Your goal: Copy each entry below unchanged; the images do not go in the copy.

Data for analysis:
****************

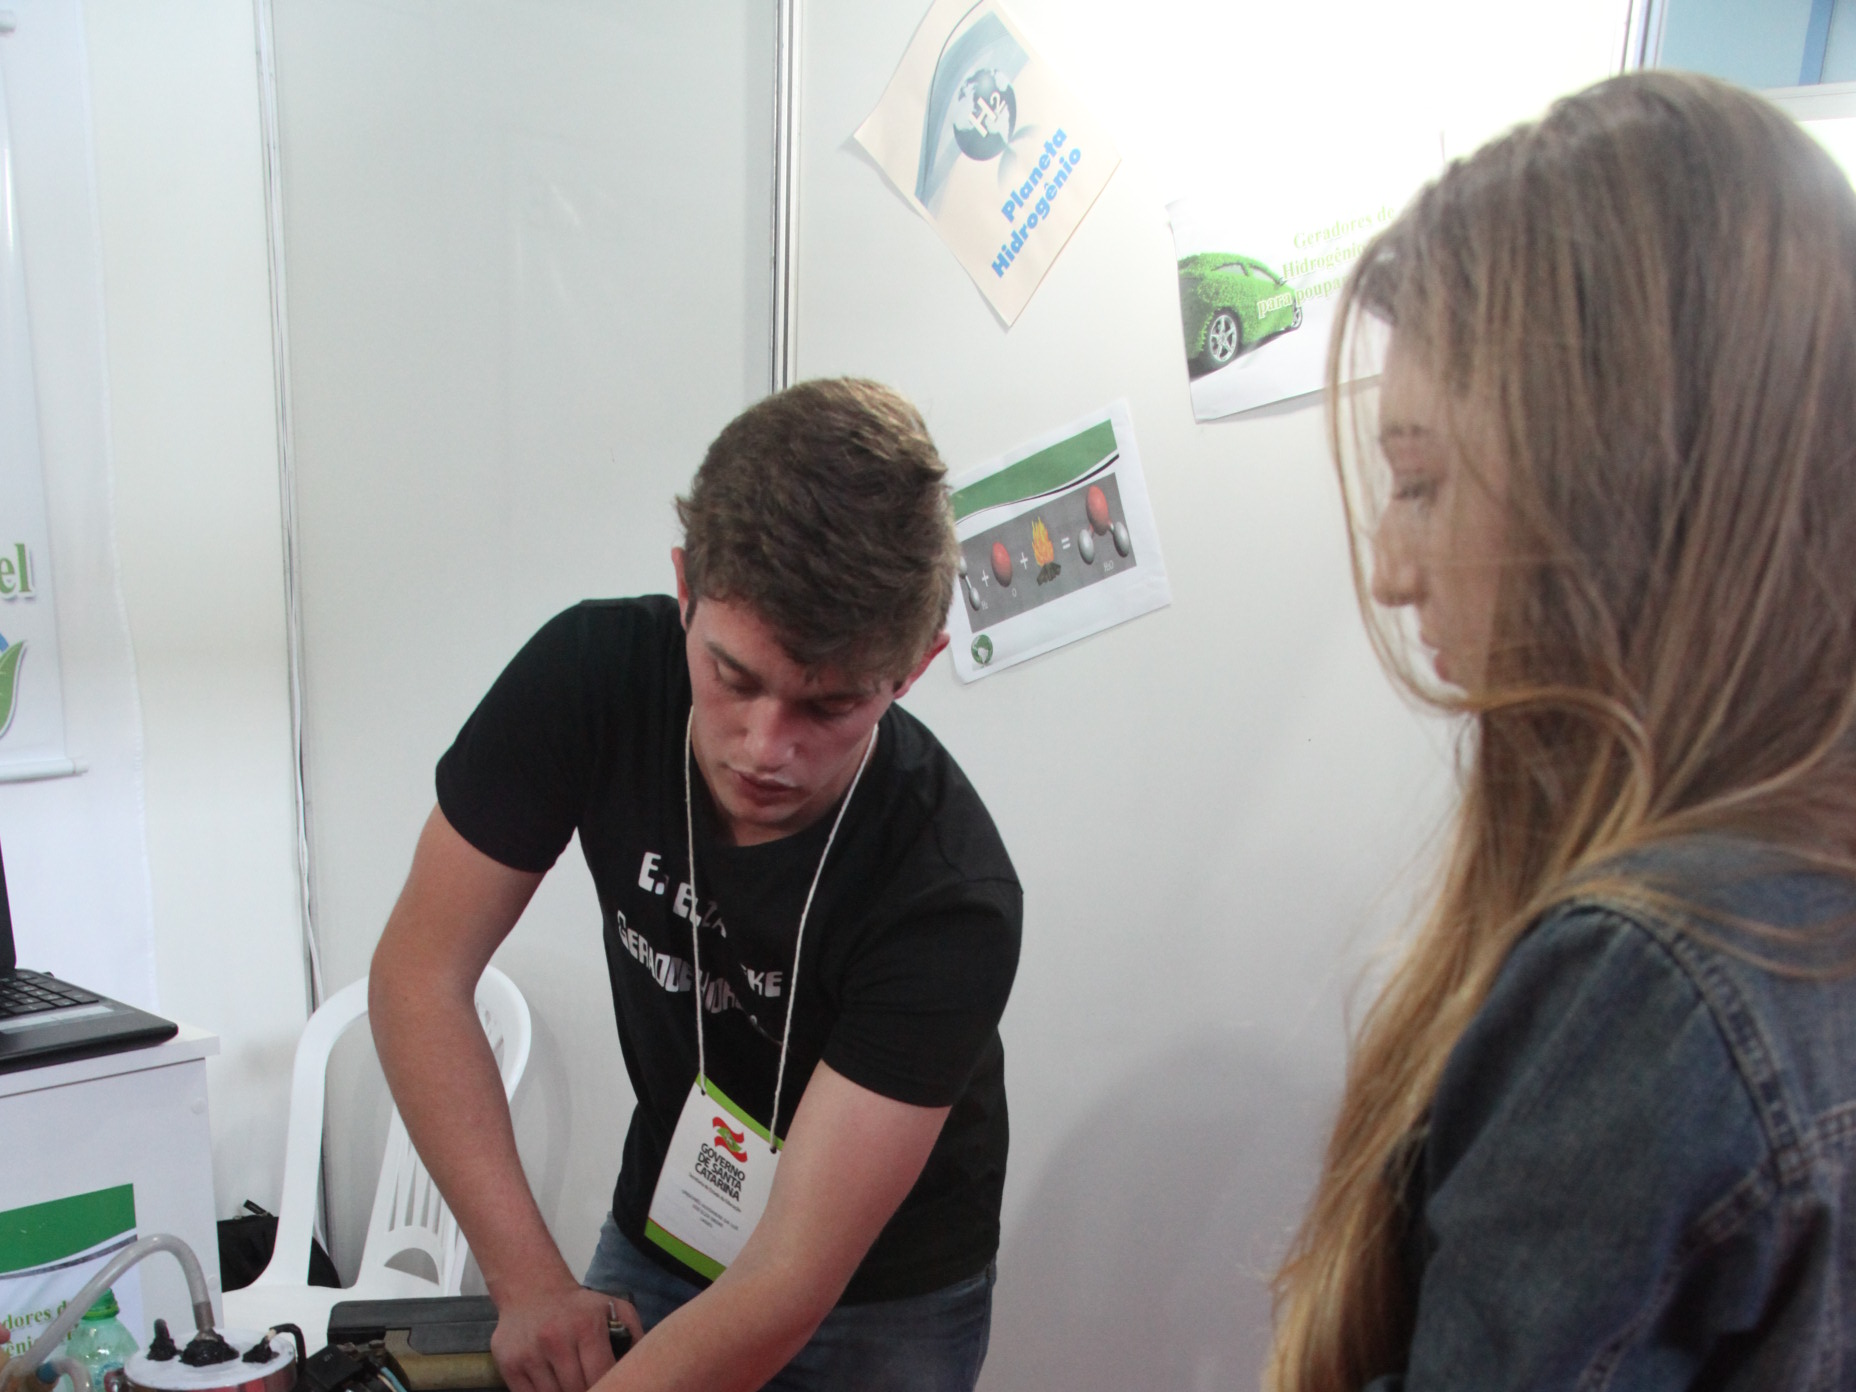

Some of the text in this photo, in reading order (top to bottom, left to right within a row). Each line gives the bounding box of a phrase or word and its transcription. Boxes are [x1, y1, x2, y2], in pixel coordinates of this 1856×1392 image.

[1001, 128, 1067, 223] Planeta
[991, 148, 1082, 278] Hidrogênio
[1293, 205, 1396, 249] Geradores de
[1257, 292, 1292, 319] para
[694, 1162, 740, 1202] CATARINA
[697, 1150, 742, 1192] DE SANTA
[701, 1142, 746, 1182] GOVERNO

****************

Written answer:
Some of the text in this photo, in reading order (top to bottom, left to right within a row). Each line gives the bounding box of a phrase or word and its transcription. Boxes are [x1, y1, x2, y2], in pixel coordinates of this 1856×1392 image.

[1001, 128, 1067, 223] Planeta
[991, 148, 1082, 278] Hidrogênio
[1293, 205, 1396, 249] Geradores de
[1257, 292, 1292, 319] para
[694, 1162, 740, 1202] CATARINA
[697, 1150, 742, 1192] DE SANTA
[701, 1142, 746, 1182] GOVERNO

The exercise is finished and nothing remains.